Linda Yohn: And we’ve said this at Detroit Jazz Festivals, and it bears repeating is that the Detroit audience knows the music and so you can’t come playing lame. You cannot, you know, phone it in in Detroit. You’ve got to be real.

Wynton Marsalis: You know, the first time I played in Detroit was with Art Blakey.

And it was for like two weeks now, and it just is so many, so many people knowledgeable about the music and, you know, do not forget Mack Avenue Records, too, coming out of Detroit. I mean, Detroit is…yeah. Gretchen is for real. Yeah. They’ve kept the vibe going and a belief in the music in a time when commercialism has taken over and is so celebrated that that type of integrity is something we have to always make sure we give special notes to.

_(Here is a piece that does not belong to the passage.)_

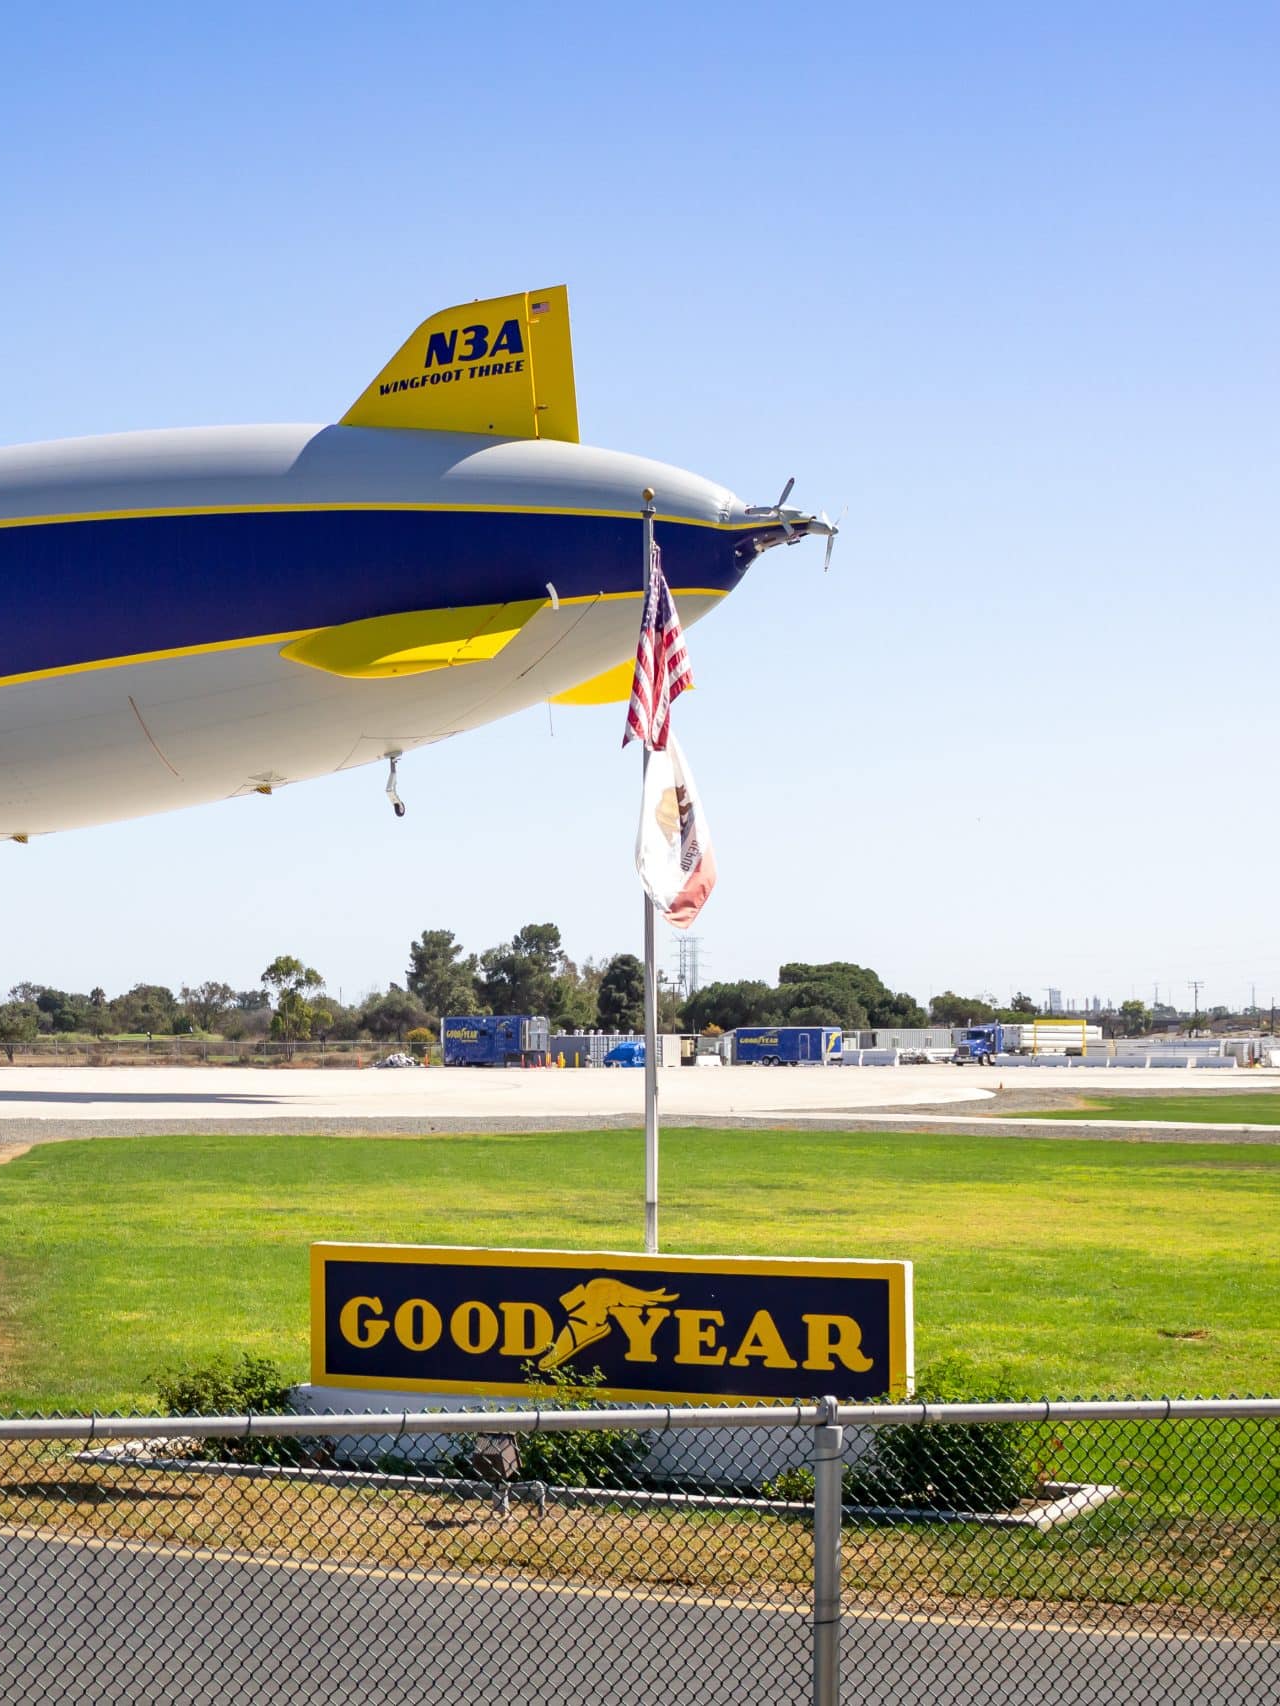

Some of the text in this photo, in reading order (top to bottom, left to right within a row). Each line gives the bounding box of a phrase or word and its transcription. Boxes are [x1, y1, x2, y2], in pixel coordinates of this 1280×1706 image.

Yeah, because, you know, if we don’t, we’ll look up and it will actually finally be gone. It’s like, can you cut every tree down eventually? Yeah, you can.

Linda Yohn:  Well, welcome back to the city. I understand that this appearance in Detroit, this residency, is actually the first time that you’re going to be back on the road since the pandemic started. What a way to start.

Wynton Marsalis: The whole ensemble. Yes. Yeah. Let’s see how we deal with it. We’re ready. We’re ready to do it.

Linda Yohn: I know you are. And how good will it feel to be, you know, not working with just the septet, but with, you know, with kids, with students in person? How good is that going to feel to you?

Wynton Marsalis: Yeah. So it’s, you know, a pandemic if it has done anything, it’s made us appreciate the lives we had. So it’s going to is going to have not describable. But we look forward to it. You know, it’s hard to find words for it.